2012 年3月4日、初めて訪ねた「アルマ」の山麓施設。日本製アンテナの内部で「ここから138億年前の電波が」と語る国立天文台教授(現・国立天文台TMT推進室 特命専門員)の稲谷順司さん。(写真:山根一眞)
2012 年3月4日、初めて訪ねた「アルマ」の山麓施設。日本製アンテナの内部で「ここから138億年前の電波が」と語る国立天文台教授(現・国立天文台TMT推進室 特命専門員)の稲谷順司さん。(写真:山根一眞)
[画像のクリックで拡大表示]

史上最大の電波望遠鏡「アルマ」

 チリ、アンデス山脈の標高5000mに広がる草木が1本もない広大な砂漠、チャナントール高原。

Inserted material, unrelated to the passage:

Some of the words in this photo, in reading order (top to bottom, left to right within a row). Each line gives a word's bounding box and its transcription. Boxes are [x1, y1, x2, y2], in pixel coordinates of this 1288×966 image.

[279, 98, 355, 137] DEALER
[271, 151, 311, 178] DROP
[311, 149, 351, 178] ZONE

ここに、日・米・欧が国際共同で建設した66台のパラボラアンテナが並ぶ。

 観測の目的によって各アンテナは移動可能で、最大16kmのエリアにレイアウトされる。いっぱいに広げれば山の手線の大きさのレンズを持つ巨大望遠鏡になる。全アンテナが同時に同じ天体を狙い、その電波を受信。66台が受信した信号は、光ファイバーで同じ5000mに設置したスーパーコンピュータ(相関器)に送られ、熱雑音だらけの信号から狙った天体の姿を描き出す。

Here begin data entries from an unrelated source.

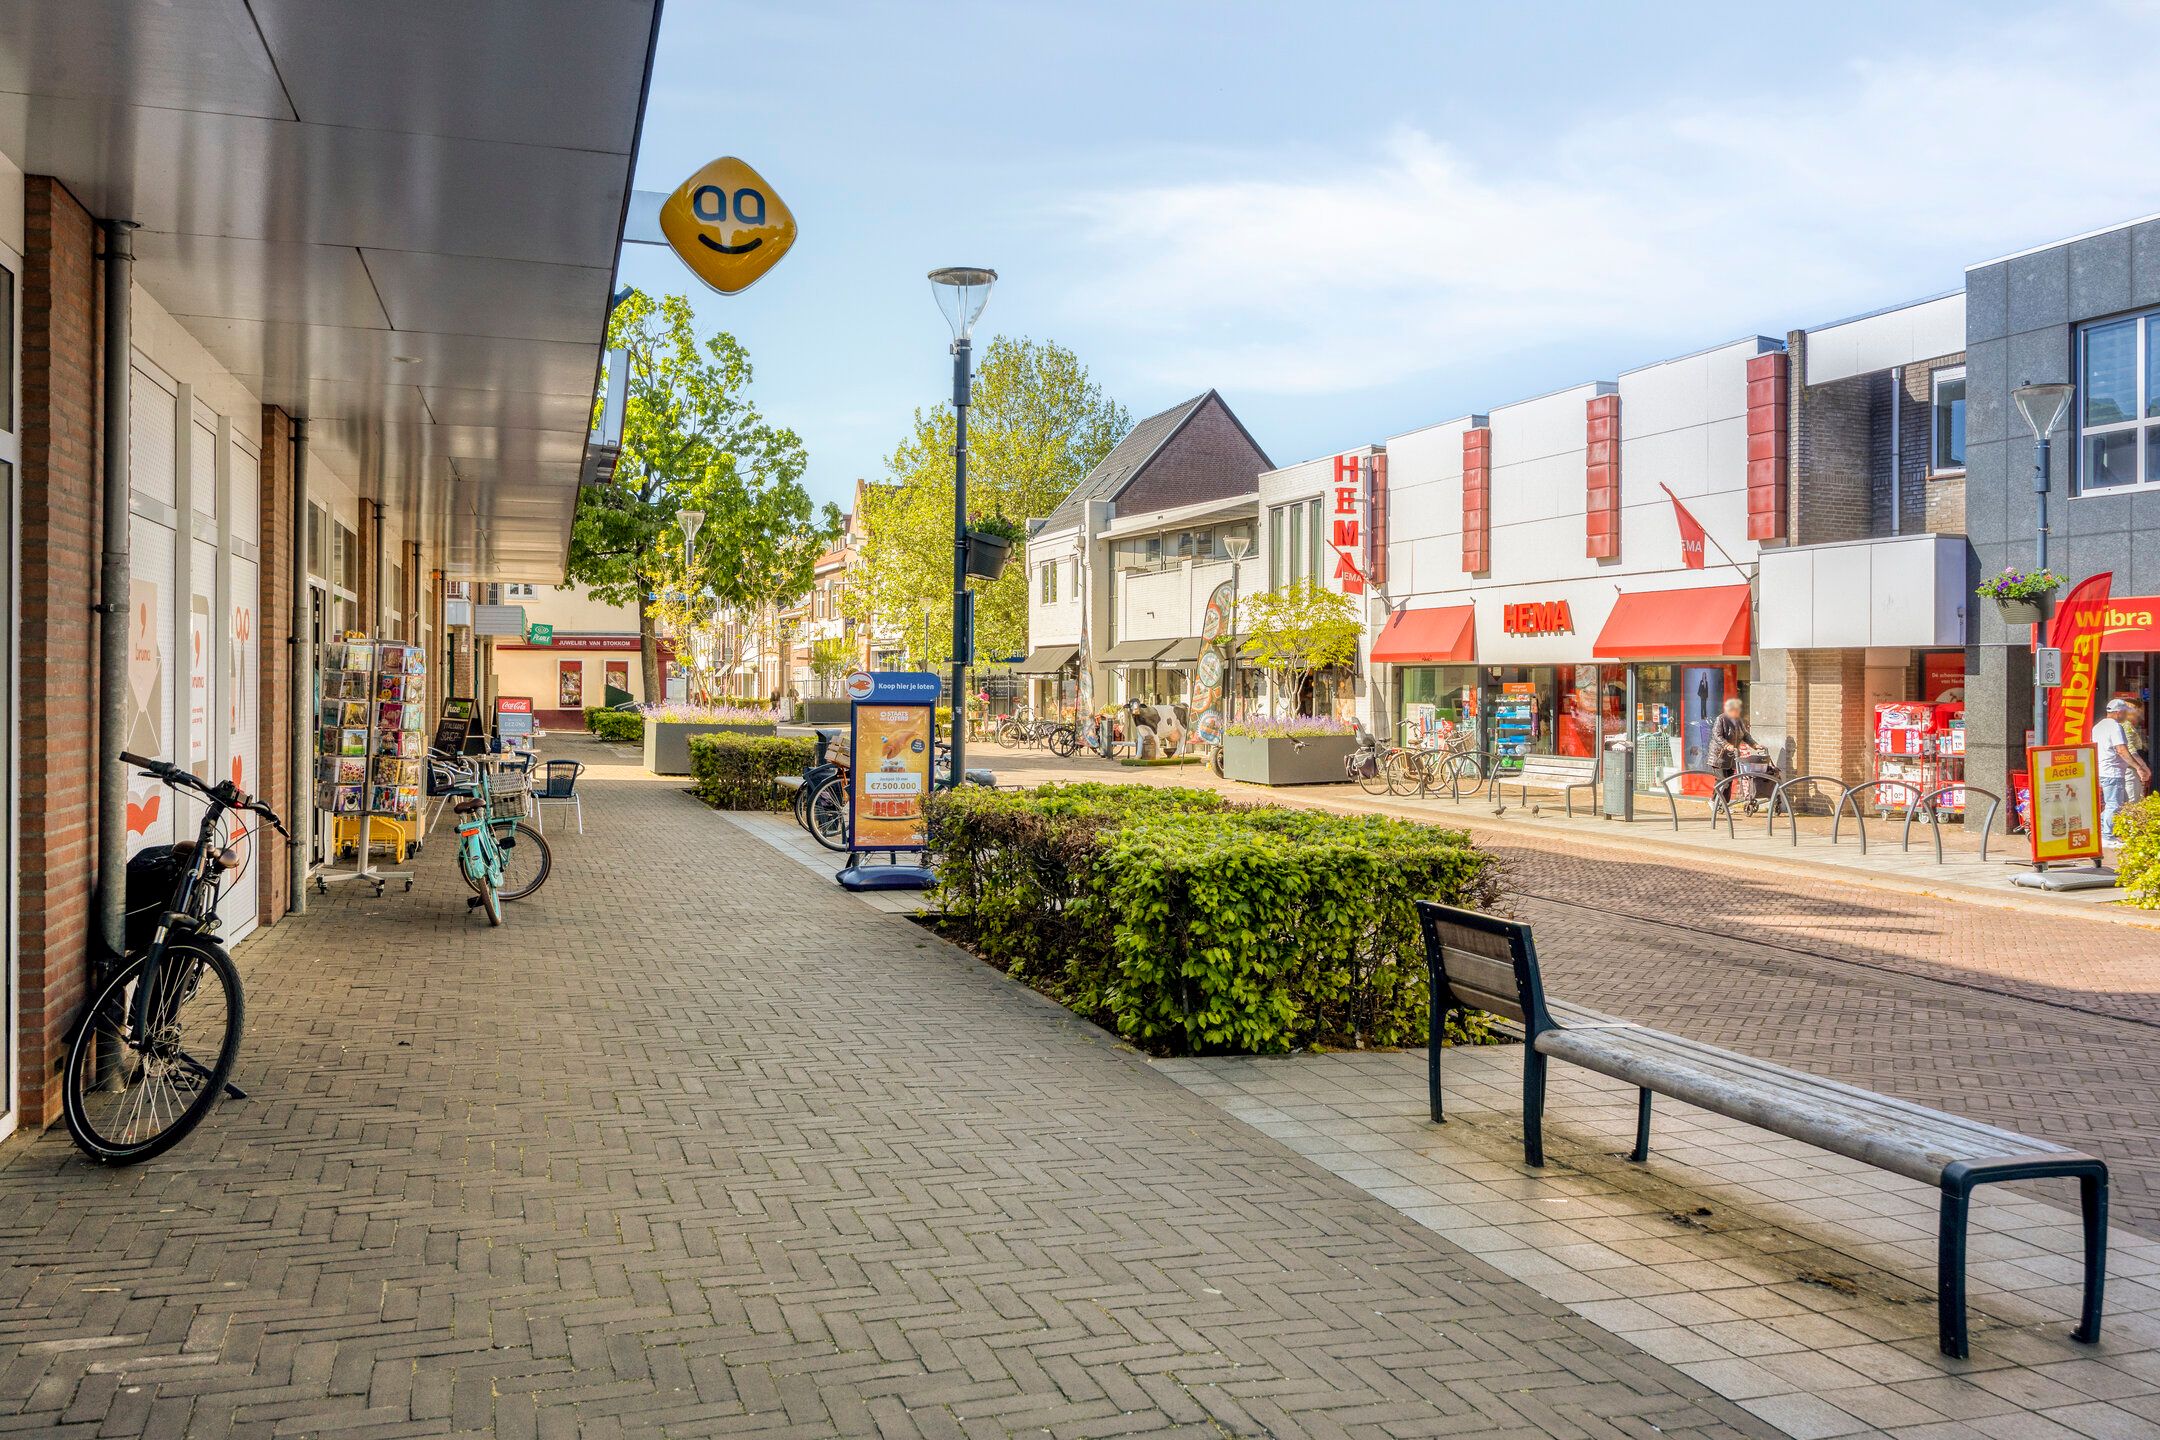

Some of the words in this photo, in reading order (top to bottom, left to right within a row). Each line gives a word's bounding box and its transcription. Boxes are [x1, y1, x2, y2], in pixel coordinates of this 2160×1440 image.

[1334, 455, 1359, 579] HEMA
[1682, 540, 1702, 552] EMA
[1343, 571, 1363, 583] EMA
[1503, 600, 1572, 633] HEMA
[2075, 605, 2153, 628] wibra
[878, 683, 896, 691] Koop
[897, 682, 909, 690] hier
[910, 683, 917, 691] je
[2061, 634, 2091, 745] wibra
[2051, 766, 2078, 778] Actie
[870, 782, 917, 790] €7.500.000

 これが、複数のパラボラアンテナを組み合わせて観測する「干渉計」、「アルマ」なのだ。

 それは、東京から大阪に置いた1円玉が識別できる「ハッブル宇宙望遠鏡の10倍の解像度」であり、これまでの電波望遠鏡の100倍の感度をもち、データをすくい出す「相関器」の分光能力は、これまでの電波望遠鏡システムの10倍の能力が実現。まさに「スーパー望遠鏡」と呼ぶに相応しい

 建造するのは不可能とさえ言われたこの壮大な天空の天文台。長年憧れていたその現場をこの目で見ようと現地を訪ね、標高2900mにある「アルマ」の山麓施設施設を4輪駆動車で出発したのは、2012年3月5日のことだった。長年憧れていた、地球で最も宇宙に近い場所に作られた巨大な宇宙を見る眼……。

その「視力」(角度分解能力)は最大6000

 東京を発つ前に「高度計」を探したが、何と、登山用品店には5000mまで計測できる高度計は売っていなかった。日本人の登山愛好家が5000mの山に登ることはほとんどないため、5000mまで測る必要がないからだった。幸い、iPhoneのアプリの高度計が5000mまで対応していることを知り、インストールしておいた(大気圧で高度を測定するのではなくGPSによる地図情報で高度を表示するもののようだ)。

 四輪駆動車が「アルマ」のために造成された未舗装道路を登っていくにしたがい、サボテンなどの植物の姿が見えなくなり、砂と石ばかりの世界になった。高度計アプリを見ると、すでに4000mを超えている。息苦しさを感じ、安全のため指にはめたパルスオキシメーター(血中酸素濃度計)を見ると、数値が75、70、65と小さくなった。「90以下になると危険」と聞いていたので、あわてて酸素スプレー缶を口に当てて、深呼吸する。「うまい!」。